Give two examples of image-based tasks GPT-4 can handle from the transcript, and explain what the model had to infer from the visuals.

Key Points

1
GPT-4’s announced context length is 8,192 tokens, with an additional 32k context mode framed as about 50 pages of text.
2
ChatGPT Plus provides GPT-4 access with a cap of 100 messages every four hours, and model choices that trade speed for reasoning.
3
A critique-and-rewrite loop can work effectively: GPT-4 can identify story problems (predictability, character development, pacing, clichés, inconsistencies) and then revise the prose accordingly.
4
Complex, multi-step instructions—even unrealistic ones—can be converted into structured plans with practical steps and impact considerations.
5
GPT-4’s multimodal capability allows it to interpret images and answer questions about diagrams, product images, and unusual real-world scenes.
6
OpenAI highlights months of safety and alignment work to make GPT-4 outputs more usable and aligned with user intent.

Highlights

GPT-4’s context window is positioned as a leap: 8,192 tokens by default and an announced 32k mode (about 50 pages), enabling much longer single-pass tasks.

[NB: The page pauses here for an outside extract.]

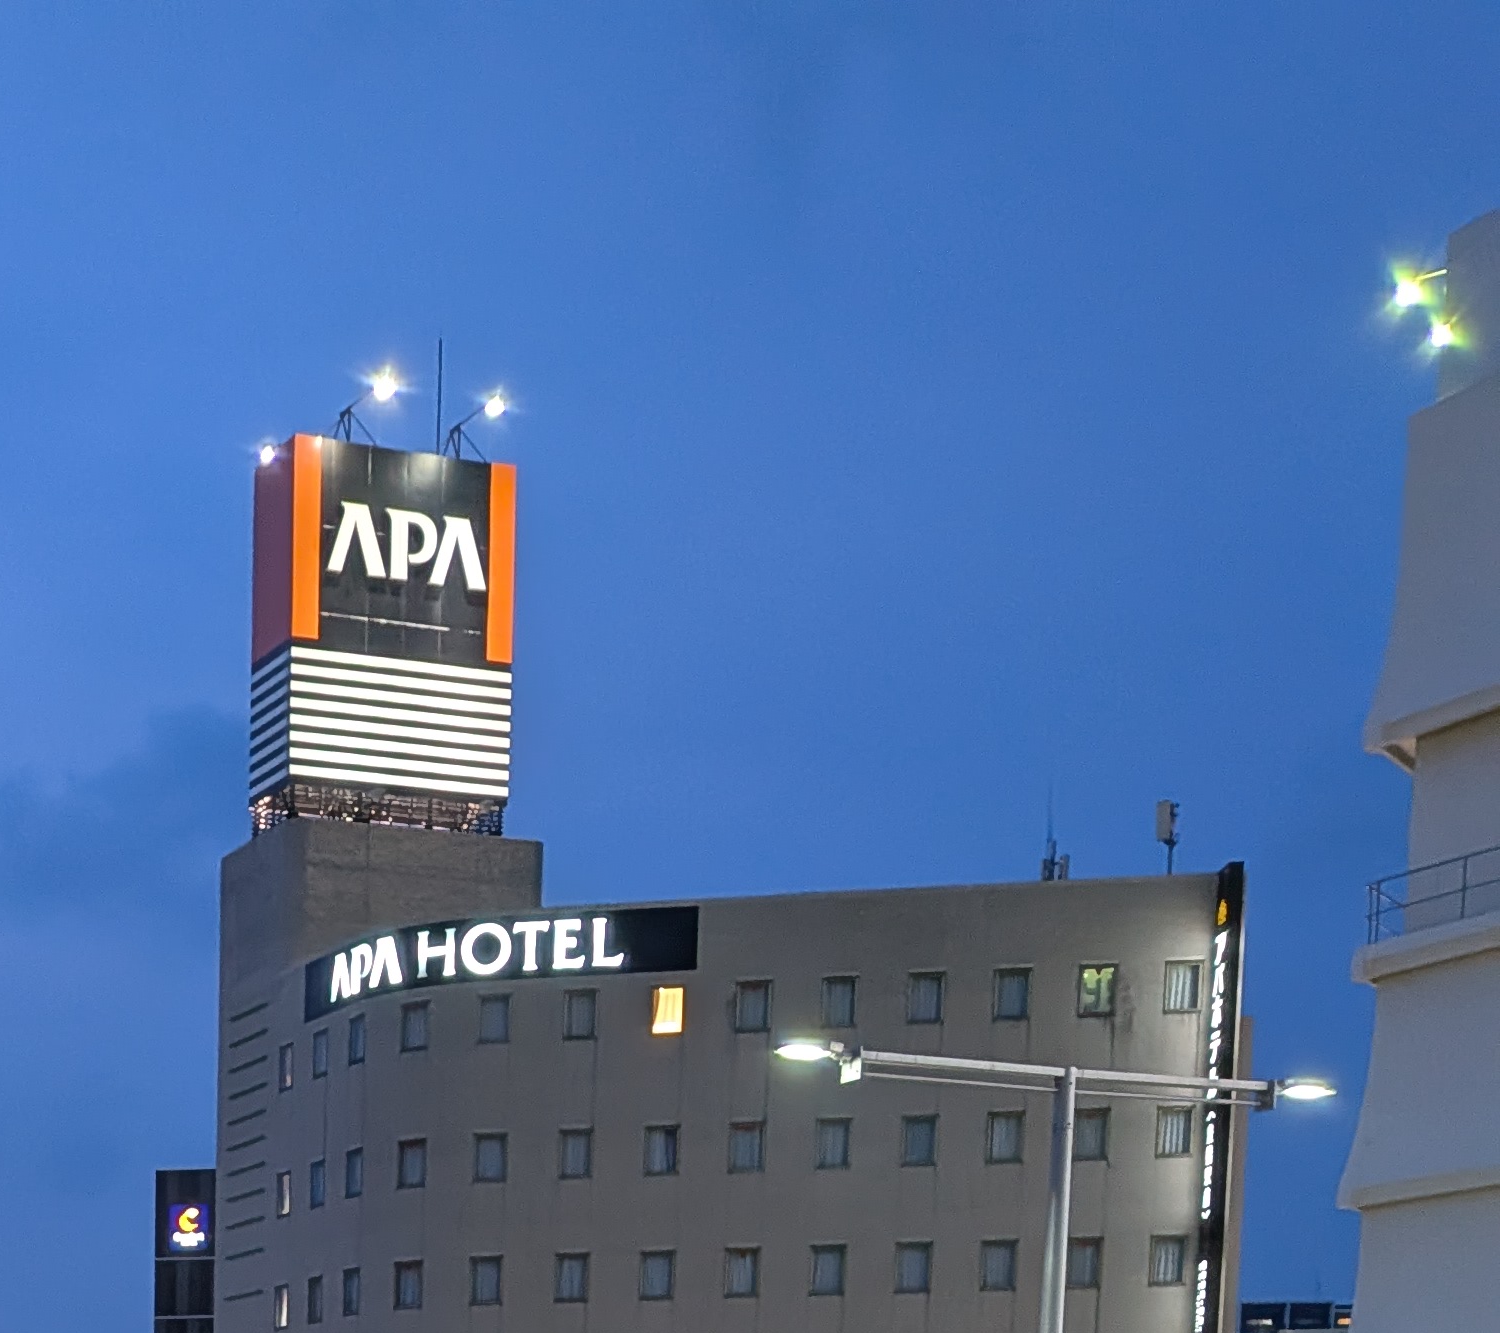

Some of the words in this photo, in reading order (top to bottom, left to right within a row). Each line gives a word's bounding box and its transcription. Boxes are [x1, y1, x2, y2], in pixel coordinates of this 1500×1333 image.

[327, 502, 487, 592] APA
[329, 935, 403, 1004] APA
[416, 916, 625, 980] HOTEL

In a story test, GPT-4 provided targeted critique—predictability, weak character development, pacing, clichés, and inconsistencies—then produced a more developed rewrite.

A multimodal example showed GPT-4 describing a multi-panel image “panel by panel,” demonstrating image-grounded understanding beyond text-only chat.

The snow-from-Norway-to-the-Sahara prompt produced a logistics checklist (permits, routes, refrigerated transport, monitoring, and impact assessment), turning a joke into an actionable plan.